> [Collected data]
══════════

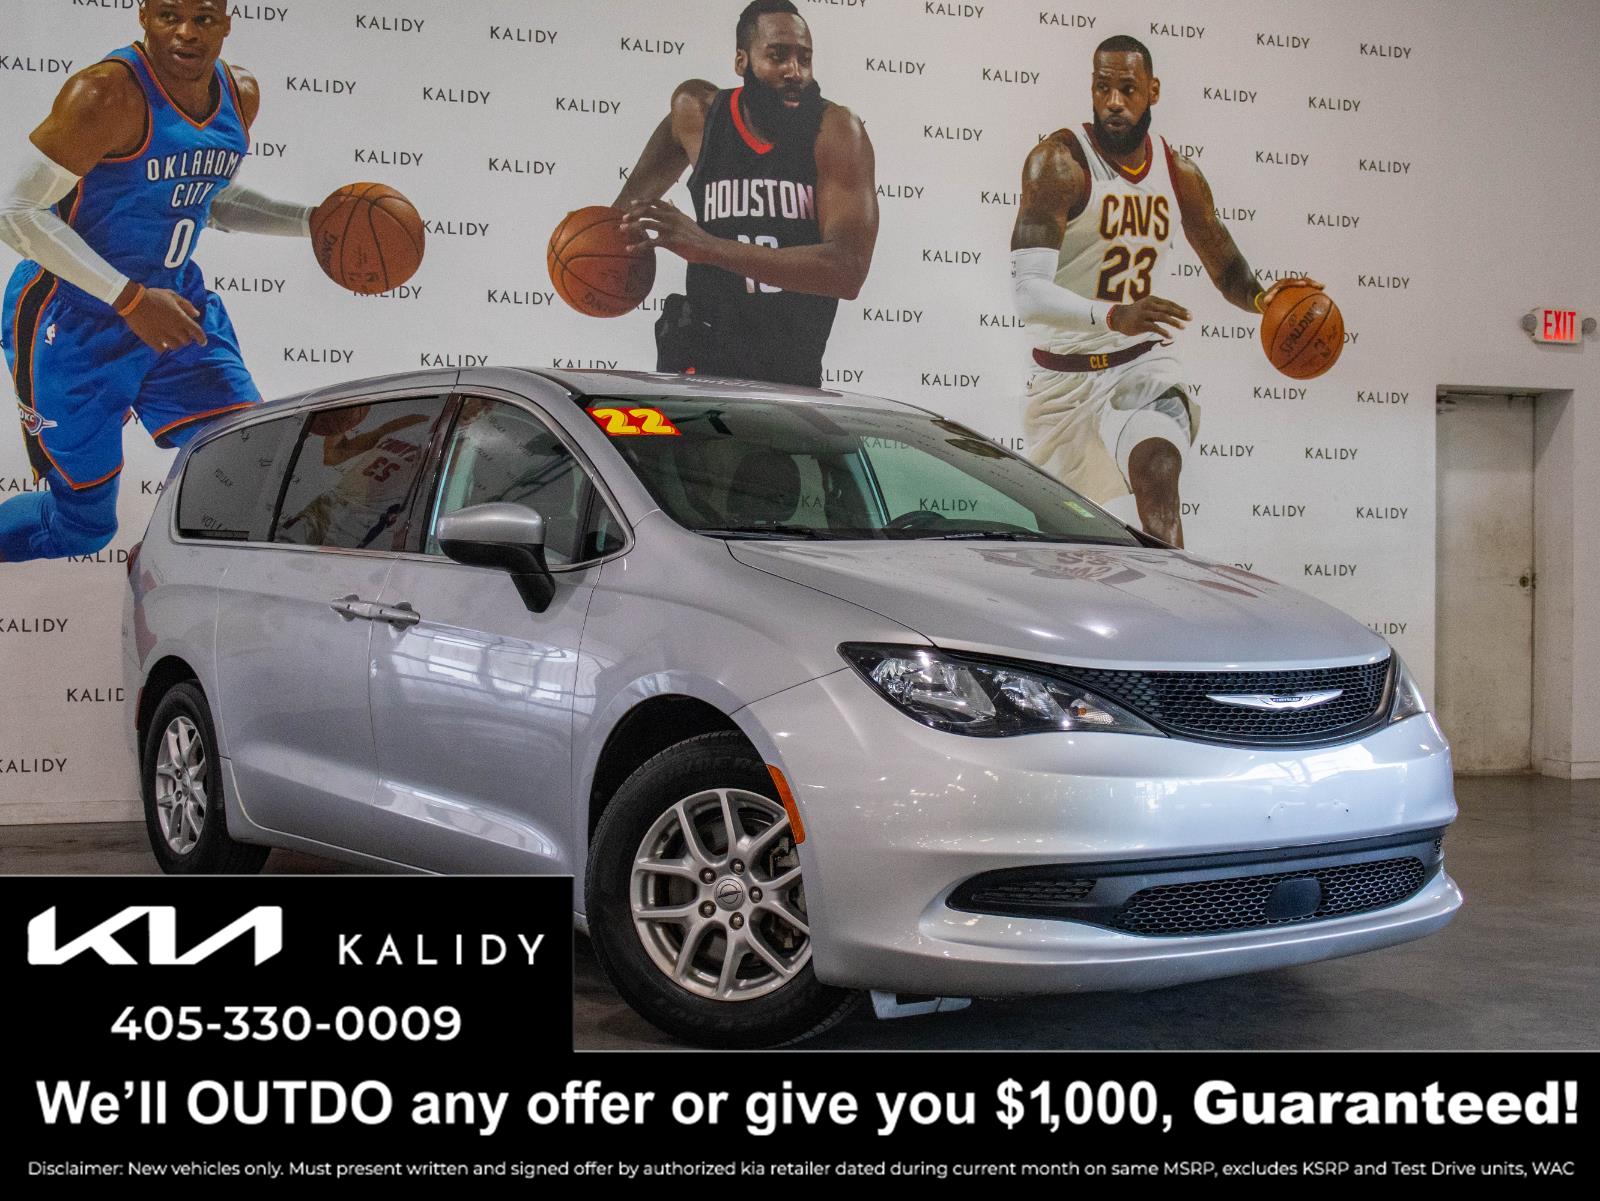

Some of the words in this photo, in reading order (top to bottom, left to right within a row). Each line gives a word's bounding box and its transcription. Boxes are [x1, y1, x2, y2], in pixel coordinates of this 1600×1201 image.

[231, 5, 288, 21] ALIDY
[926, 2, 984, 18] KALIDY
[357, 15, 424, 32] KALIDY
[1040, 12, 1096, 28] KALIDY
[491, 26, 557, 44] KALIDY
[1151, 23, 1204, 38] KALIDY
[621, 38, 684, 55] KALIDY
[1257, 34, 1310, 48] KALIDY
[1360, 43, 1411, 59] KALIDY
[0, 56, 72, 73] KALIDY
[867, 58, 925, 75] KALIDY
[983, 68, 1039, 84] KALIDY
[287, 77, 356, 94] KALIDY
[424, 87, 490, 104] KALIDY
[1204, 88, 1256, 103] KALIDY
[557, 98, 620, 114] KALIDY
[1309, 97, 1360, 111] KALIDY
[924, 125, 982, 141] KALIDY
[147, 149, 240, 181] OKLAHOM
[355, 149, 423, 166] KALIDY
[1256, 151, 1308, 166] KALIDY
[489, 158, 555, 175] KALIDY
[1360, 159, 1410, 173] KALIDY
[172, 182, 214, 207] CITY
[876, 185, 924, 199] ALIDY
[981, 192, 1021, 205] KALI
[704, 179, 815, 222] HOUSTON
[1099, 194, 1170, 242] CAVS
[1214, 208, 1256, 221] ALIDY
[1308, 214, 1359, 228] KALIDY
[422, 220, 489, 236] KALIDY
[164, 218, 195, 269] 0
[923, 250, 981, 264] KALIDY
[1096, 246, 1157, 303] 23
[1359, 275, 1409, 288] KALIDY
[215, 277, 285, 293] KALIDY
[488, 290, 554, 305] KALIDY
[864, 308, 922, 323] KALIDY
[1202, 325, 1255, 339] KALIDY
[1544, 310, 1576, 341] EXIT
[285, 348, 353, 363] KALIDY
[421, 353, 488, 367] KALIDY
[1090, 353, 1108, 369] CLE
[820, 370, 863, 383] LIDY
[922, 373, 979, 387] KALIDY
[1254, 387, 1306, 400] KALIDY
[1358, 391, 1408, 404] KALIDY
[591, 408, 674, 435] 22
[1200, 444, 1253, 456] KALIDY
[1306, 448, 1357, 460] KALIDY
[919, 498, 977, 511] KALIDY
[1253, 505, 1305, 517] KALIDY
[1357, 507, 1407, 519] KALIDY
[1305, 564, 1356, 576] KALIDY
[67, 688, 124, 702] KALID
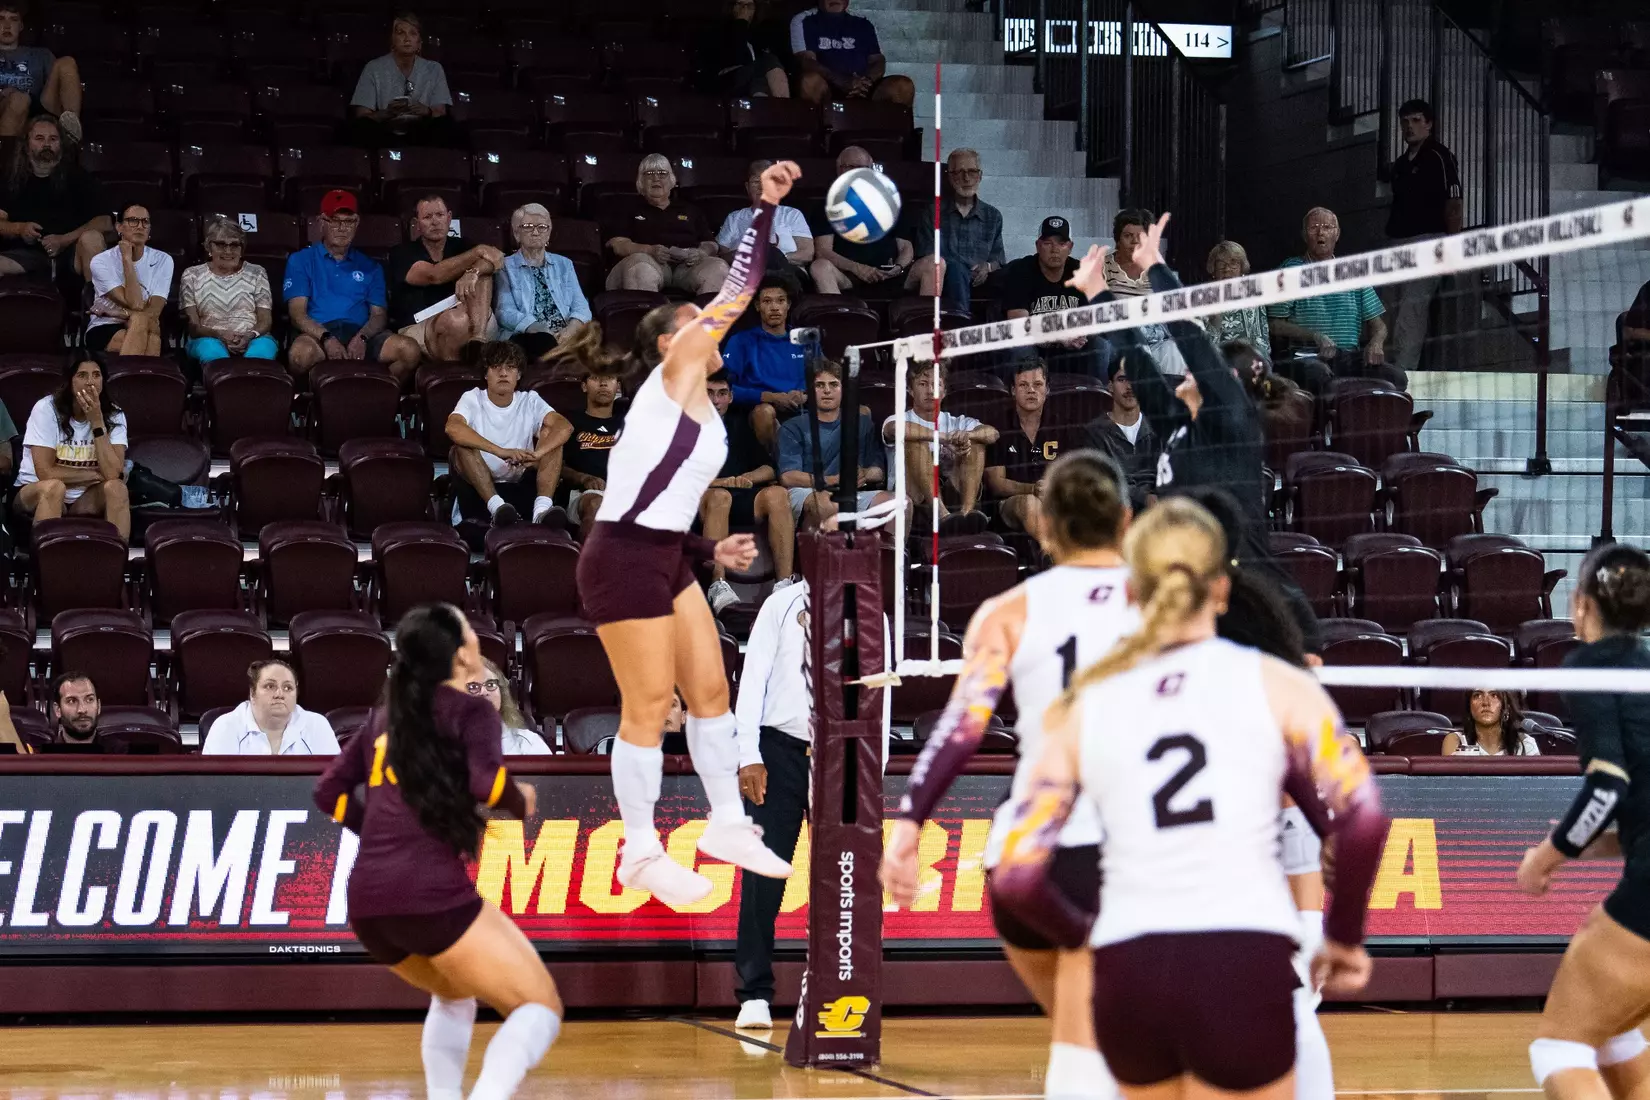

══════════

> [INSTRUCTIONS FOR THE TASK] Leaving out only the pictures, retype every record exactly.

> [REPLY TO THE TASK]
Some of the words in this photo, in reading order (top to bottom, left to right within a row). Each line gives a word's bounding box and its transcription. Boxes are [x1, y1, x2, y2], in pixel coordinates of this 1600×1201 image.

[231, 5, 288, 21] ALIDY
[926, 2, 984, 18] KALIDY
[357, 15, 424, 32] KALIDY
[1040, 12, 1096, 28] KALIDY
[491, 26, 557, 44] KALIDY
[1151, 23, 1204, 38] KALIDY
[621, 38, 684, 55] KALIDY
[1257, 34, 1310, 48] KALIDY
[1360, 43, 1411, 59] KALIDY
[0, 56, 72, 73] KALIDY
[867, 58, 925, 75] KALIDY
[983, 68, 1039, 84] KALIDY
[287, 77, 356, 94] KALIDY
[424, 87, 490, 104] KALIDY
[1204, 88, 1256, 103] KALIDY
[557, 98, 620, 114] KALIDY
[1309, 97, 1360, 111] KALIDY
[924, 125, 982, 141] KALIDY
[147, 149, 240, 181] OKLAHOM
[355, 149, 423, 166] KALIDY
[1256, 151, 1308, 166] KALIDY
[489, 158, 555, 175] KALIDY
[1360, 159, 1410, 173] KALIDY
[172, 182, 214, 207] CITY
[876, 185, 924, 199] ALIDY
[981, 192, 1021, 205] KALI
[704, 179, 815, 222] HOUSTON
[1099, 194, 1170, 242] CAVS
[1214, 208, 1256, 221] ALIDY
[1308, 214, 1359, 228] KALIDY
[422, 220, 489, 236] KALIDY
[164, 218, 195, 269] 0
[923, 250, 981, 264] KALIDY
[1096, 246, 1157, 303] 23
[1359, 275, 1409, 288] KALIDY
[215, 277, 285, 293] KALIDY
[488, 290, 554, 305] KALIDY
[864, 308, 922, 323] KALIDY
[1202, 325, 1255, 339] KALIDY
[1544, 310, 1576, 341] EXIT
[285, 348, 353, 363] KALIDY
[421, 353, 488, 367] KALIDY
[1090, 353, 1108, 369] CLE
[820, 370, 863, 383] LIDY
[922, 373, 979, 387] KALIDY
[1254, 387, 1306, 400] KALIDY
[1358, 391, 1408, 404] KALIDY
[591, 408, 674, 435] 22
[1200, 444, 1253, 456] KALIDY
[1306, 448, 1357, 460] KALIDY
[919, 498, 977, 511] KALIDY
[1253, 505, 1305, 517] KALIDY
[1357, 507, 1407, 519] KALIDY
[1305, 564, 1356, 576] KALIDY
[67, 688, 124, 702] KALID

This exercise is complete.